## ACTIVITY
The result should be an exact copy of every record, with no pictures kept.

[[ DATA EXTRACTS, beginning ]]

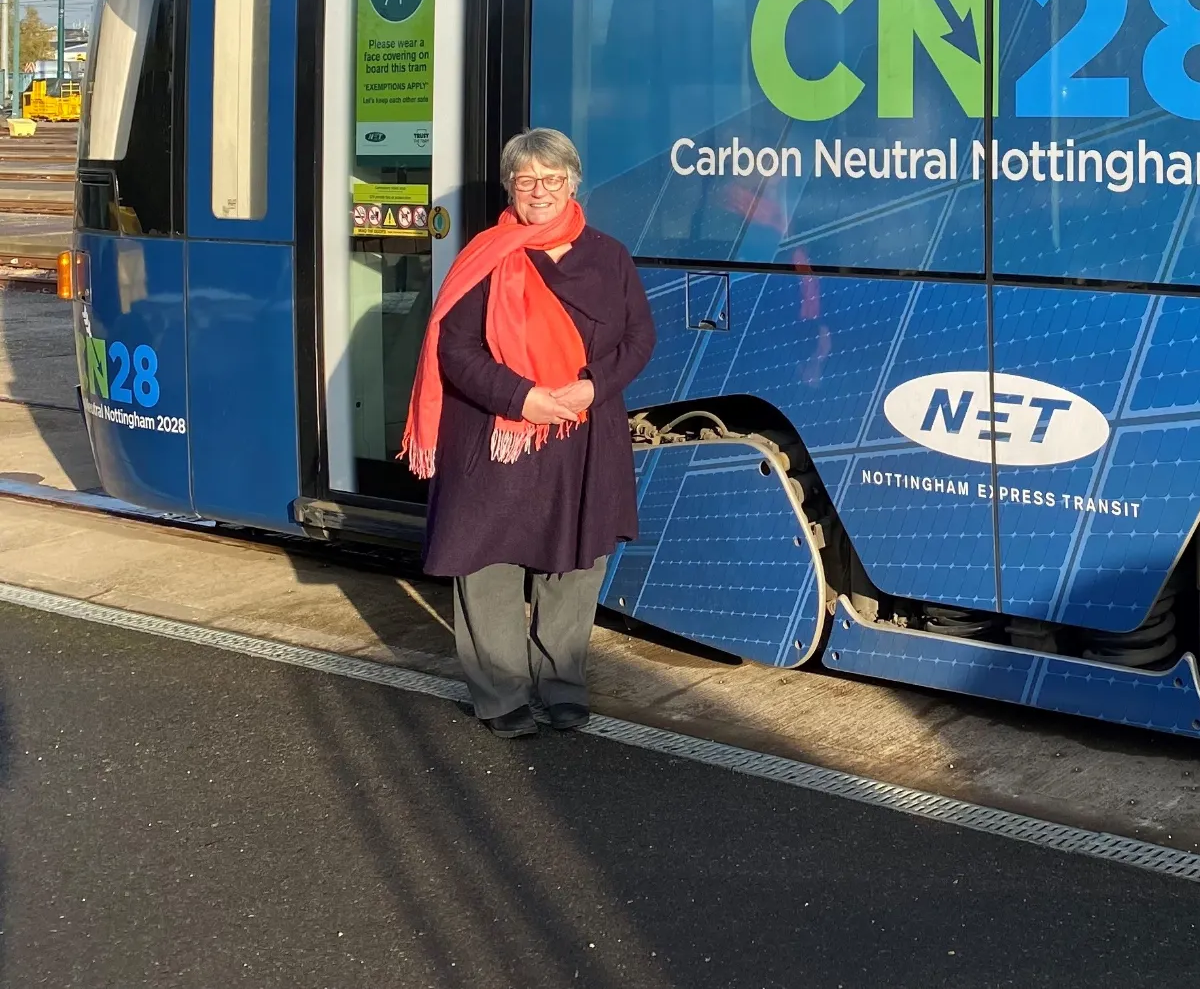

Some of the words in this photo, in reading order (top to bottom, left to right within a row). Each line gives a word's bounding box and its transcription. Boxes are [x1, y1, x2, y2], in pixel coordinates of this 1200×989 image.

[368, 39, 395, 49] Please
[398, 39, 417, 48] wear
[419, 39, 425, 47] a
[364, 51, 380, 62] face
[382, 50, 416, 62] covering
[418, 51, 429, 59] on
[366, 63, 389, 73] board
[391, 63, 406, 73] this
[408, 63, 427, 72] tram
[376, 97, 388, 105] keep
[670, 137, 802, 178] Carbon
[815, 138, 957, 180] Neutral
[104, 405, 155, 430] Nottingham
[157, 415, 186, 434] 2028
[920, 388, 1071, 444] NET
[862, 469, 969, 496] NOTTINGHAM
[1062, 494, 1140, 518] TRANSIT

[[ DATA EXTRACTS, end ]]

## SOLVED EXERCISE
Some of the words in this photo, in reading order (top to bottom, left to right within a row). Each line gives a word's bounding box and its transcription. Boxes are [x1, y1, x2, y2], in pixel coordinates of this 1200×989 image.

[368, 39, 395, 49] Please
[398, 39, 417, 48] wear
[419, 39, 425, 47] a
[364, 51, 380, 62] face
[382, 50, 416, 62] covering
[418, 51, 429, 59] on
[366, 63, 389, 73] board
[391, 63, 406, 73] this
[408, 63, 427, 72] tram
[376, 97, 388, 105] keep
[670, 137, 802, 178] Carbon
[815, 138, 957, 180] Neutral
[104, 405, 155, 430] Nottingham
[157, 415, 186, 434] 2028
[920, 388, 1071, 444] NET
[862, 469, 969, 496] NOTTINGHAM
[1062, 494, 1140, 518] TRANSIT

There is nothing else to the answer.